Stored data entries
☆ ☆ ☆
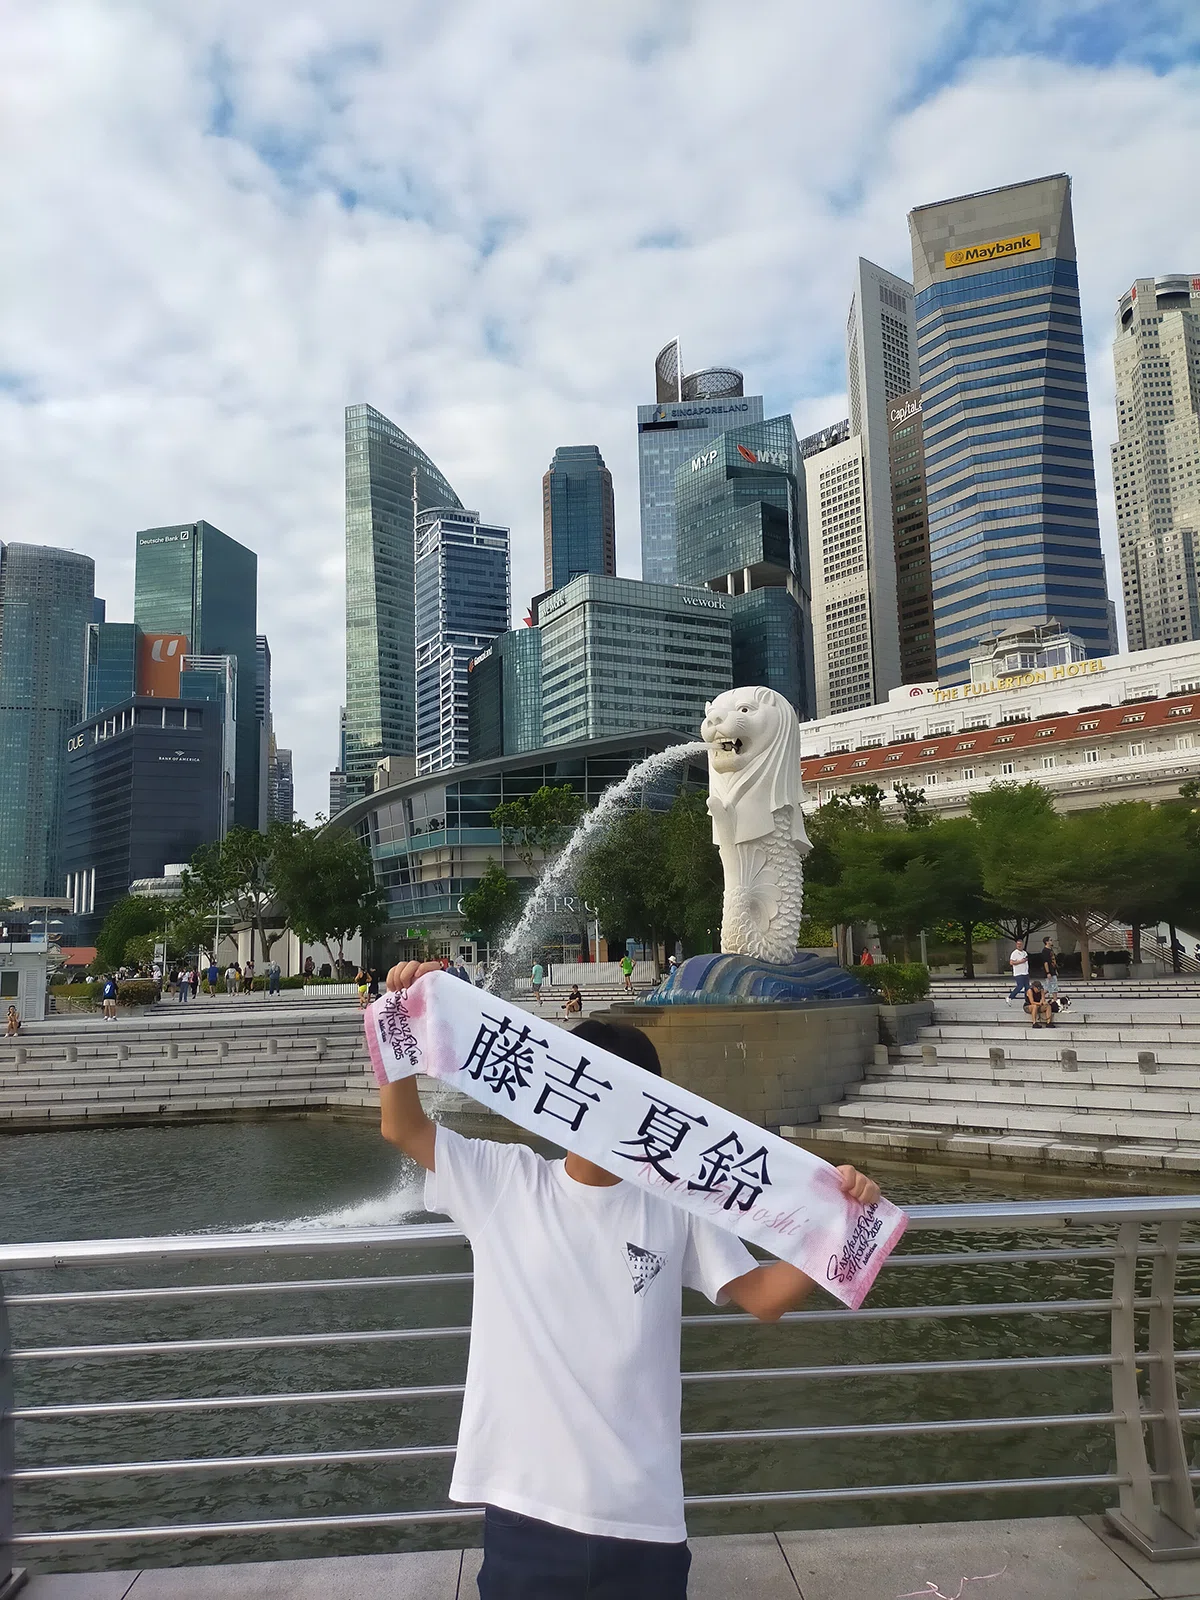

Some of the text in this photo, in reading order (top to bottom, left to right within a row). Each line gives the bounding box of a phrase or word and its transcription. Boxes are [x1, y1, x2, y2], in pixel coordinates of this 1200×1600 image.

[965, 238, 1031, 260] Maybank
[671, 404, 748, 418] SINGAPORELAND
[691, 450, 718, 472] MYP
[757, 450, 788, 466] MYP
[140, 537, 164, 545] Deutsche
[683, 597, 726, 609] wework
[933, 659, 1106, 702] THE FULLERTON HOTEL
[67, 733, 84, 752] OUE
[391, 1039, 405, 1060] 2025
[459, 1012, 772, 1211] 藤吉 夏鈴
[867, 1218, 883, 1238] 2025
[863, 1243, 878, 1265] Addiction
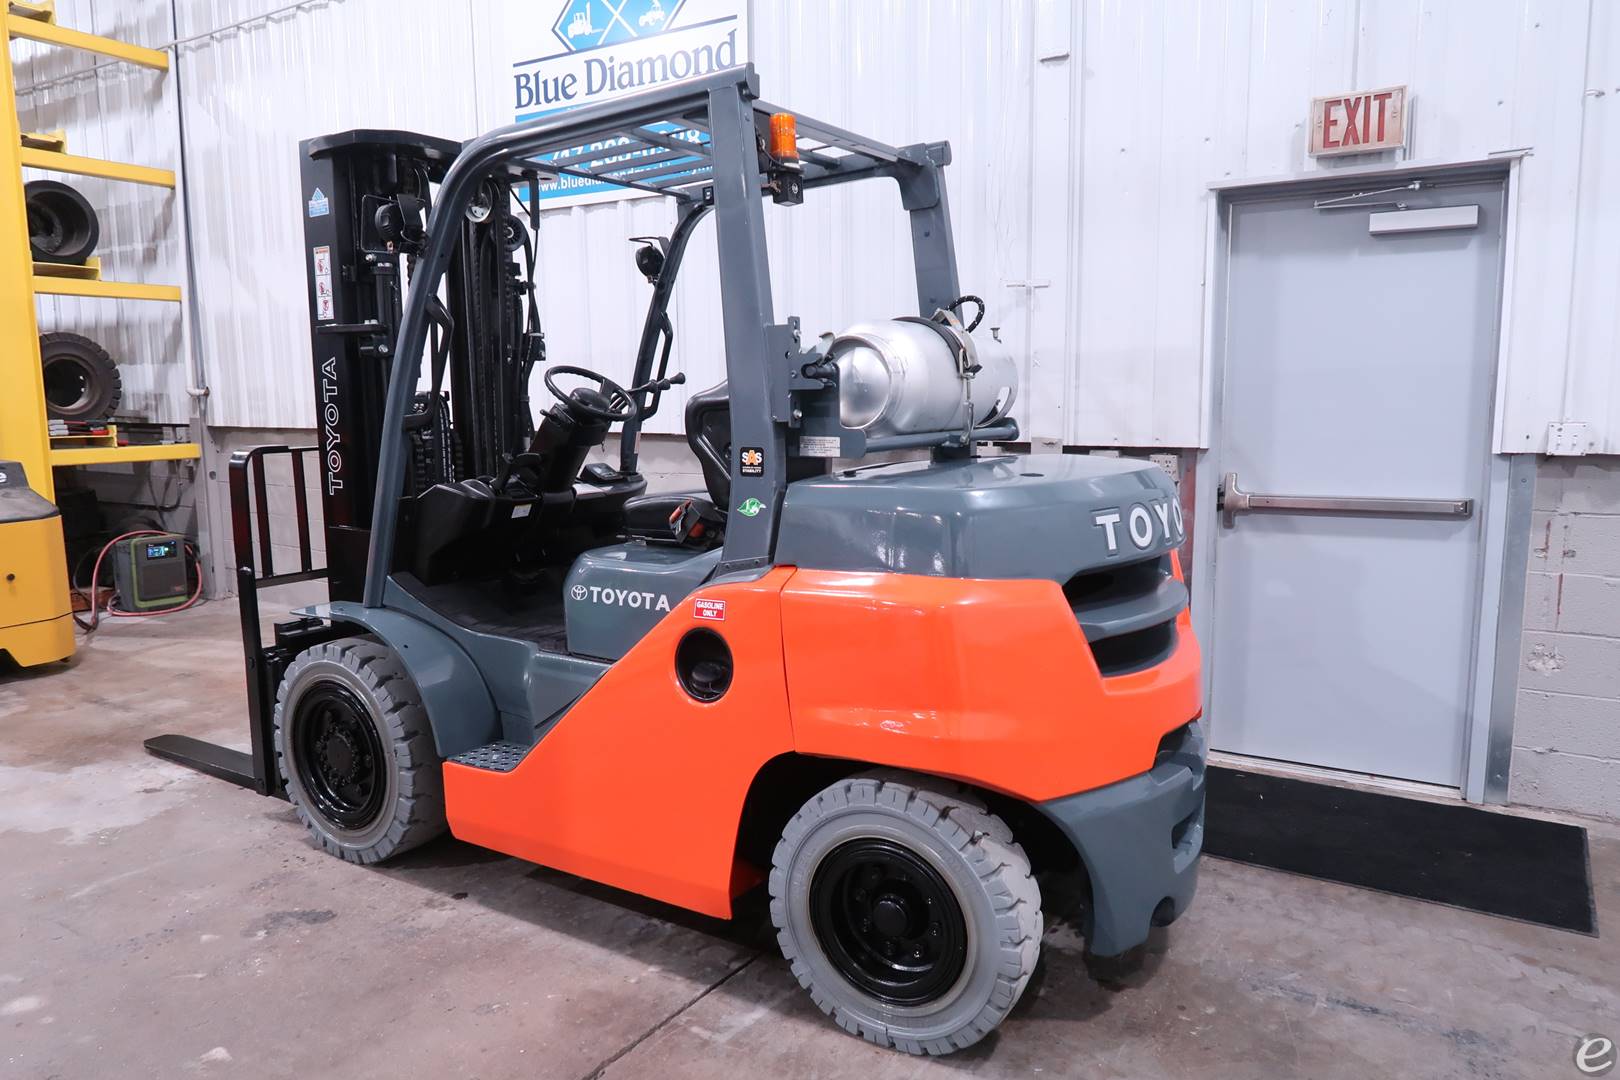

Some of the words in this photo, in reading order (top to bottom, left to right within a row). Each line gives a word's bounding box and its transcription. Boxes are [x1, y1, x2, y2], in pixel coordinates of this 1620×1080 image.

[514, 70, 578, 109] Blue
[584, 28, 737, 96] Diamond
[1323, 92, 1393, 149] EXIT
[322, 356, 344, 496] TOYOTA
[742, 450, 762, 465] SAS
[589, 585, 671, 613] TOYOTA
[697, 601, 723, 610] GASOLINE
[703, 609, 717, 617] ONLY
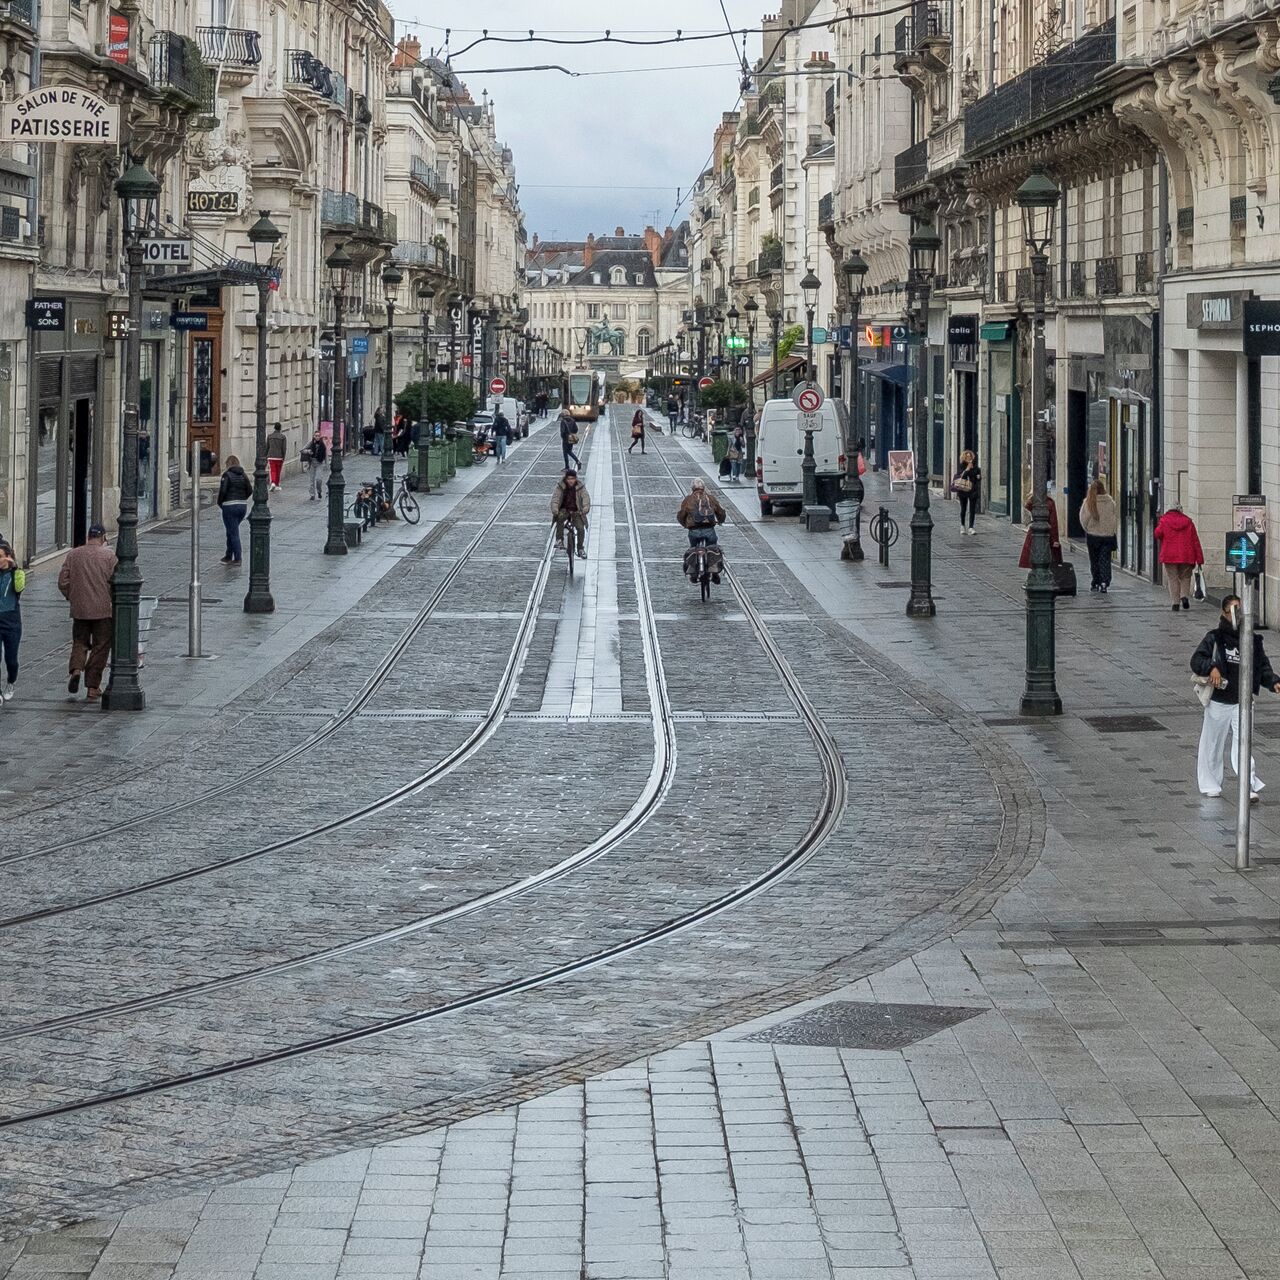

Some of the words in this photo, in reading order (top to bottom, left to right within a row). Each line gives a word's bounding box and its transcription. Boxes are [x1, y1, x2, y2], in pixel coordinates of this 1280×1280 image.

[17, 91, 57, 116] SALON
[62, 90, 77, 104] DE
[81, 95, 105, 117] THE
[11, 118, 109, 137] PATISSERIE
[189, 192, 238, 211] HOTEL
[34, 302, 63, 310] FATHER
[1202, 298, 1231, 322] SEPHORA
[38, 318, 59, 326] SONS
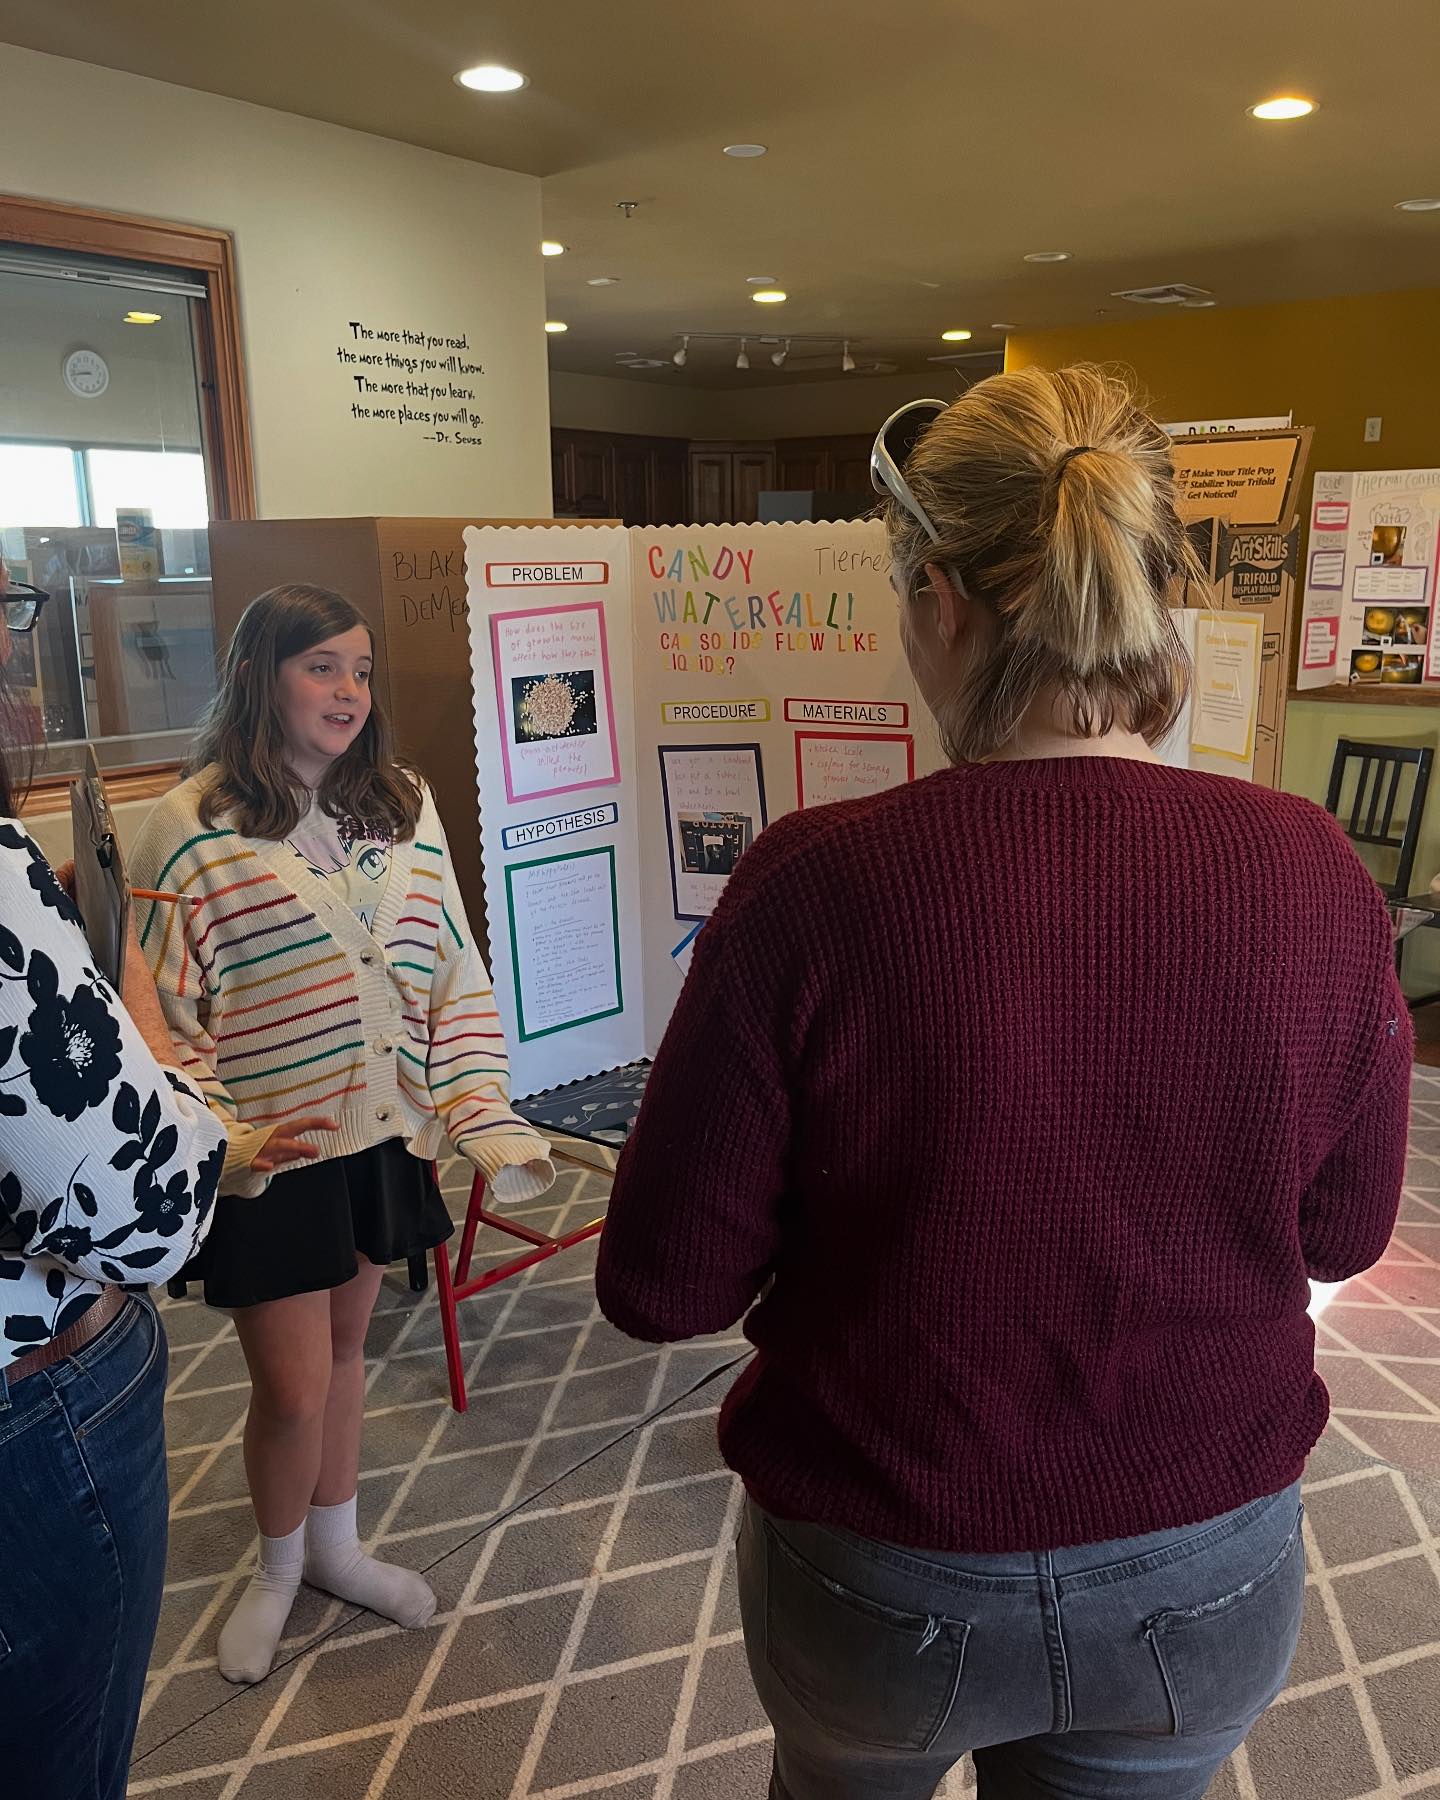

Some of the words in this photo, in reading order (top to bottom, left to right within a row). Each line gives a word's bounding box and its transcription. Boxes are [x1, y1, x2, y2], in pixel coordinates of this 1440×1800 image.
☆ ☆ ☆
Problem statement: In the copy, no pictures should appear; the records themselves must be repeated exactly.

Response:
Some of the text in this photo, in reading order (top to bottom, left to right within a row). Each line gives the bounding box of a phrase or word and its transcription. Boxes are [x1, y1, x2, y2], in pixel coordinates of this 1200×1600 image.

[965, 238, 1031, 260] Maybank
[671, 404, 748, 418] SINGAPORELAND
[691, 450, 718, 472] MYP
[757, 450, 788, 466] MYP
[140, 537, 164, 545] Deutsche
[683, 597, 726, 609] wework
[933, 659, 1106, 702] THE FULLERTON HOTEL
[67, 733, 84, 752] OUE
[391, 1039, 405, 1060] 2025
[459, 1012, 772, 1211] 藤吉 夏鈴
[867, 1218, 883, 1238] 2025
[863, 1243, 878, 1265] Addiction

Some of the words in this photo, in reading order (top to bottom, left to right within a row). Each line gives a word's bounding box and its transcription. Boxes are [x1, y1, x2, y2], in pixel coordinates of this 1620×1080 image.

[514, 70, 578, 109] Blue
[584, 28, 737, 96] Diamond
[1323, 92, 1393, 149] EXIT
[322, 356, 344, 496] TOYOTA
[742, 450, 762, 465] SAS
[589, 585, 671, 613] TOYOTA
[697, 601, 723, 610] GASOLINE
[703, 609, 717, 617] ONLY

Some of the words in this photo, in reading order (top to bottom, left to right within a row). Each line gives a word's bounding box and its transcription. Boxes are [x1, y1, x2, y2], in pixel coordinates of this 1280×1280 image.

[17, 91, 57, 116] SALON
[62, 90, 77, 104] DE
[81, 95, 105, 117] THE
[11, 118, 109, 137] PATISSERIE
[189, 192, 238, 211] HOTEL
[34, 302, 63, 310] FATHER
[1202, 298, 1231, 322] SEPHORA
[38, 318, 59, 326] SONS

Some of the words in this photo, in reading order (top to bottom, left to right within a row). Each line gives a word's bounding box and its transcription. Boxes are [x1, y1, x2, y2], in pixel coordinates of this 1440×1800 image.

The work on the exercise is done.